Team's Lead Investigator, Alec Yasinsac --- a Noted Republican Partisan --- Claims No Knowledge of Voting Machine Company's Pre-Testing Dictates...
By Brad Friedman on 3/26/2007, 1:51pm PT  

Over the weekend we reported on the newly unearthed "agreement" letter sent by voting machine company ES&S to Florida's chief of Voting System Certification, David Drury, dictating the company's demands for the narrow terms of testing for the source code and hardware of the touch-screen voting systems which failed so spectacularly in the state's 13th Congressional District election between Christine Jennings (D) and Vern Buchanan (R) last November.

In the still-contested election, an exceedingly high 18,000 "undervotes" were registered by the ES&S touch-screen DRE voting systems in Democratic-leaning Sarasota County only, in the race which was ultimately decided by 369 votes in favor of the Republican.

In our coverage, we asked a series of questions about the letter and whether the "independent" team of scientists convened by the state to review the source code had been apprised of ES&S's very strict litany of specific narrow conditions for testing (including their insistence that they be allowed to review, edit and/or comment on the final report before its release).

Yesterday, Alec Yasinsac, the "Lead Principal Investigator" of the scientific panel convened at Florida State University --- a noted Republican partisan --- released a response to some of questions [PDF] on behalf of the state-convened panel of scientists.

The bulk of that response follows, as well as a comment or two of our own in response...

"This letter was not provided, or its terms presented, to the SAIT review team before or during the software review. No member of the team agreed to the terms of
the letter either before, during or after the review, and no member was or is bound by those terms.

"The official Statement of Work deviates significantly from the guidelines. Moreover, there were no terms or limitations on the team beyond those established and publicly posted in the official Statement of Work:

(http://election.dos.stat...pdf/FSUstatementWork.pdf).

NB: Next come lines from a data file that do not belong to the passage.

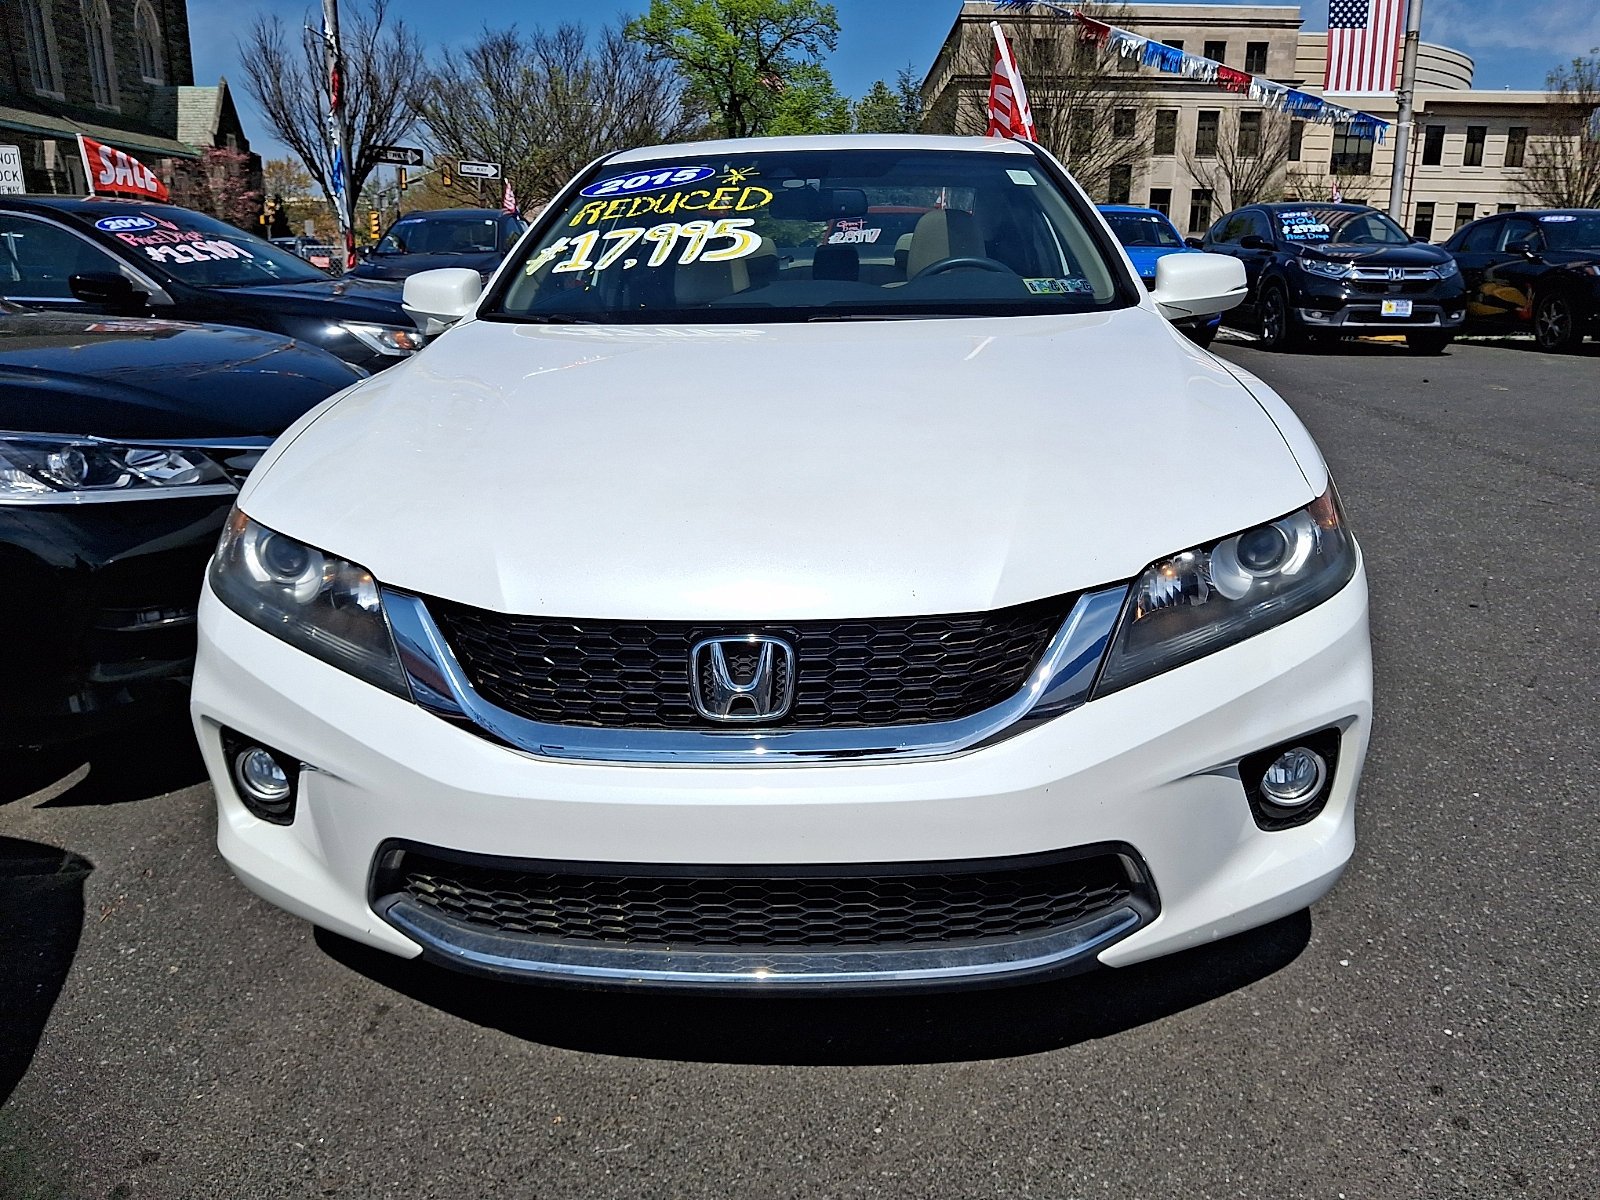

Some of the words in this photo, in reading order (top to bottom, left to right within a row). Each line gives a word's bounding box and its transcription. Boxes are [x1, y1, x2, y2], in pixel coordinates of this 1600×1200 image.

[98, 145, 158, 193] SALE
[599, 168, 702, 194] 2015
[569, 186, 774, 227] REDUCED
[104, 217, 151, 230] 2014
[1282, 217, 1316, 225] WOW

"No one from either ES&S or the Florida Department of State attempted to influence the team's work or its report in any way other than to offer/provide resources as we recorded in the final report:

(http://election.dos.stat.../pdf/FinalAudRepSAIT.pdf)."

The response to the questions from the scientific team is much appreciated. We look forward to a response, in kind, from Florida's Chief Voting System Certification Officer, including the specific response he gave to ES&S in the wake of the "agreement" they sent him.

That said, checking the "properties" of the PDF "team response" from the scientists reveals that Yasinsac himself is specified as the author of the response. (We've saved a copy of it, in case the version at Yasinsac's FSU site changes for some reason.)

As we have reported on several occassions, as well as tried to explain personally to some of Yasinsac's many supporters and defenders in the scientific community, his partisan ties --- he was seen, for example, wearing a "Bush Won" button on the stairs of the Florida Supreme Court back during FL's 2000 Election Debacle --- will always raise questions about his independence on behalf of the state investigation which he was named to lead. That's a fact, whether he proceeded on a partisan basis with the study or not. Thus, many of us called for his removal from the panel early on.

We're still mired in that same questionable quagmire even when Yasinsac releases a comment like the one above on behalf of the team of scientists. All of which underscores the continuing need for a truly independent source code review as has been requested time and again by the plaintiff attorneys representing the two state lawsuits contesting the election on behalf of Sarasota County voters and Christine Jennings herself.

This is why both transparency and minding even the appearance of conflict of interest matters. As well as why Drury himself, as the man responsible for certifying the systems for the state of Florida, and thus having a conflict of interest as well, should never have been any where near such a test --- at least if such a test was meant to truly get to the bottom of what happened in the election on behalf of the voters of Florida.

It goes without saying, by now, that private companyies such as ES&S, Diebold, Sequoia, Hart Intercivic, and all the rest, have no damn business running our public elections with their secret, proprietary, trade-secret protected voting systems.